PURPOSE: This randomized phase III trial is studying alpha-lipoic acid to see how well it works compared to placebo in preventing peripheral neuropathy in patients receiving chemotherapy for cancer.

Study Overview

• Status: Completed
• Conditions: Unspecified Childhood Solid Tumor, Protocol Specific; Unspecified Adult Solid Tumor, Protocol Specific; Neurotoxicity
• Intervention / Treatment: Drug: alpha-lipoic acid; Other: placebo

Detailed Description

OBJECTIVES:

Primary

• Compare whether treatment with alpha-lipoic acid vs placebo decreases the severity and frequency of peripheral neuropathy in cancer patients receiving a cisplatin- or oxaliplatin-containing chemotherapy regimen.
• Compare the protective effect duration of these drugs in these patients.

Secondary

• Determine large sensory fiber integrity associated with platinum-induced peripheral neuropathy, as measured by three timed functional tests comprising fastening 6-buttons, walking 50 feet, and placing coins in a cup, in patients treated with these drugs.
• Compare the number of chemotherapy courses and doses received by patients treated with these drugs.

Tertiary

• Compare the optimal tumor response (disease progression, stable disease, partial response, or complete response) to chemotherapy in patients treated with these drugs.

OUTLINE: This is a randomized, double-blind, placebo-controlled, multicenter study. Patients are stratified according to prior platinum-containing treatment (yes vs no). Patients who received prior treatment are further stratified according to prior cumulative platinum exposure (cisplatin < 200 mg/m^2 or oxaliplatin < 750 mg/m^2 vs cisplatin 200-399 mg/m^2 or oxaliplatin 750-999 mg/m^2 vs cisplatin >400 mg/m^2 or oxaliplatin > 1,000 mg/m^2).
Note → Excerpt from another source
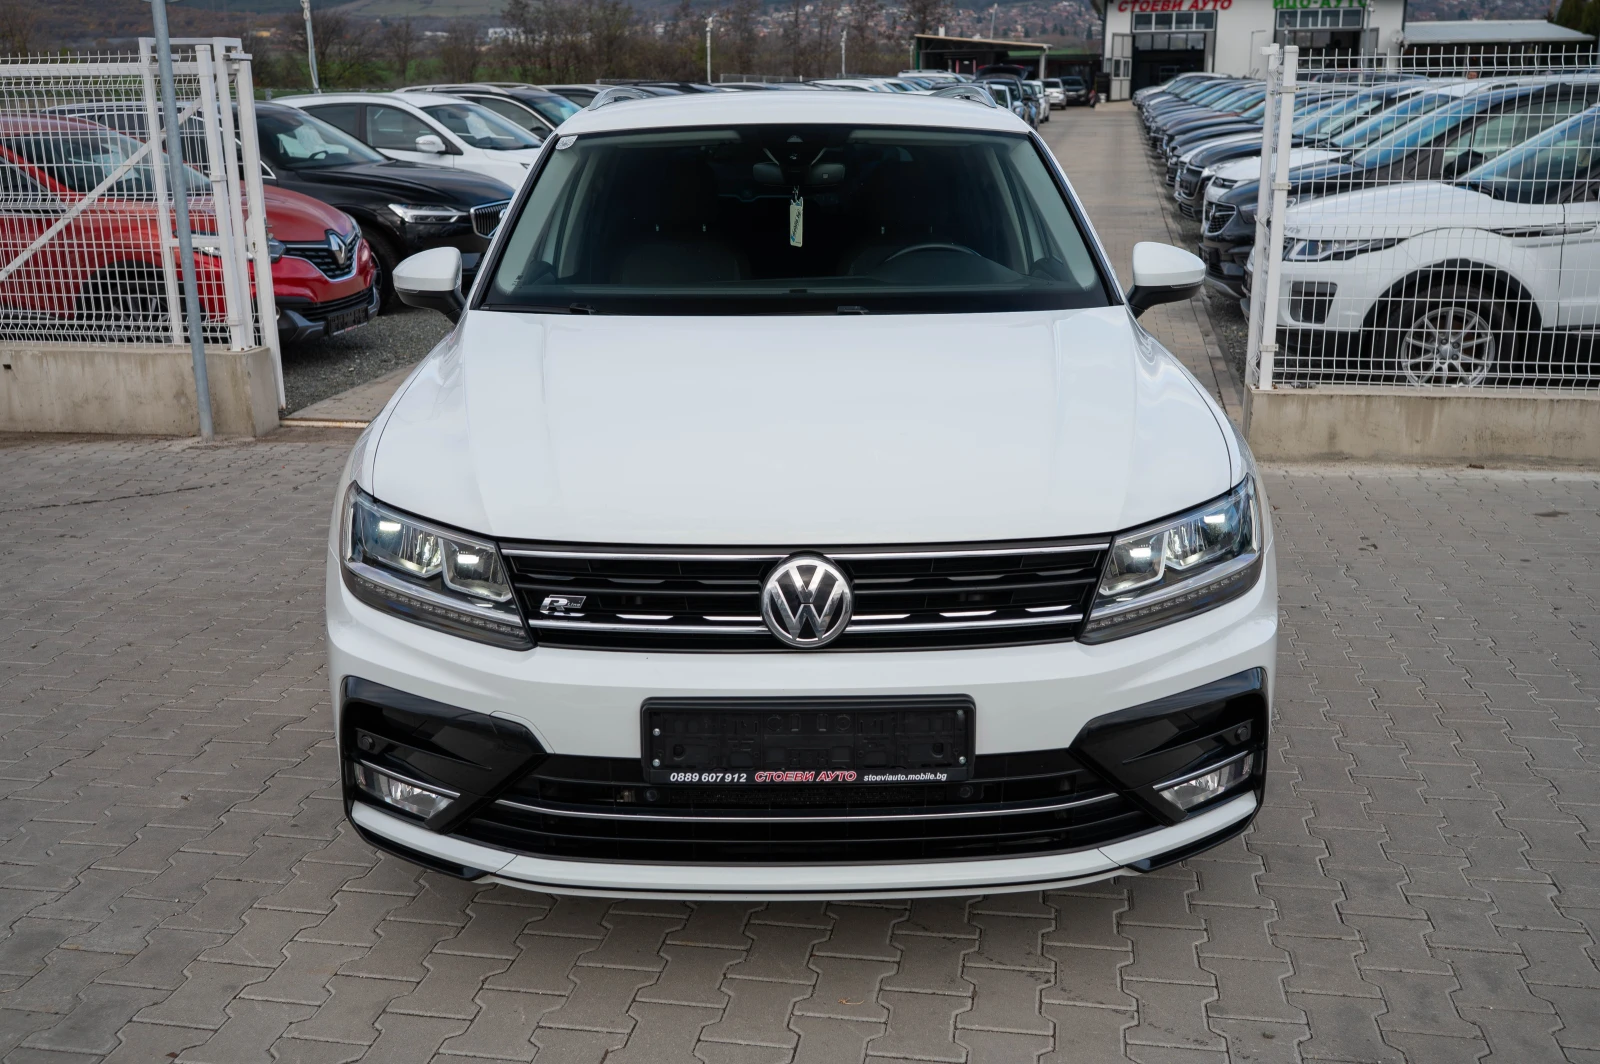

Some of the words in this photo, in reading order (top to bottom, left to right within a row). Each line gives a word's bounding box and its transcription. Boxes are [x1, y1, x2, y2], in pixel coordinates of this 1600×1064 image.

Patients are randomized to 1 of 2 treatment arms.

• Arm I: Patients receive oral alpha-lipoic acid* three times daily for at least 24 weeks in the absence of unacceptable toxicity.
• Arm II: Patients receive oral placebo* three times daily for at least 24 weeks in the absence of unacceptable toxicity.

NOTE: *In both arms, patients begin taking study drug 4 days after completion of each chemotherapy treatment and continue taking study drug until 2 days before their next scheduled chemotherapy treatment.

Patients' symptoms of peripheral neuropathy, pain, and functional tests are assessed at baseline and then at weeks 6-8, 12, 24, 36, and 48.

PROJECTED ACCRUAL: A total of 244 patients (122 per treatment arm) will be accrued for this study within 2 years.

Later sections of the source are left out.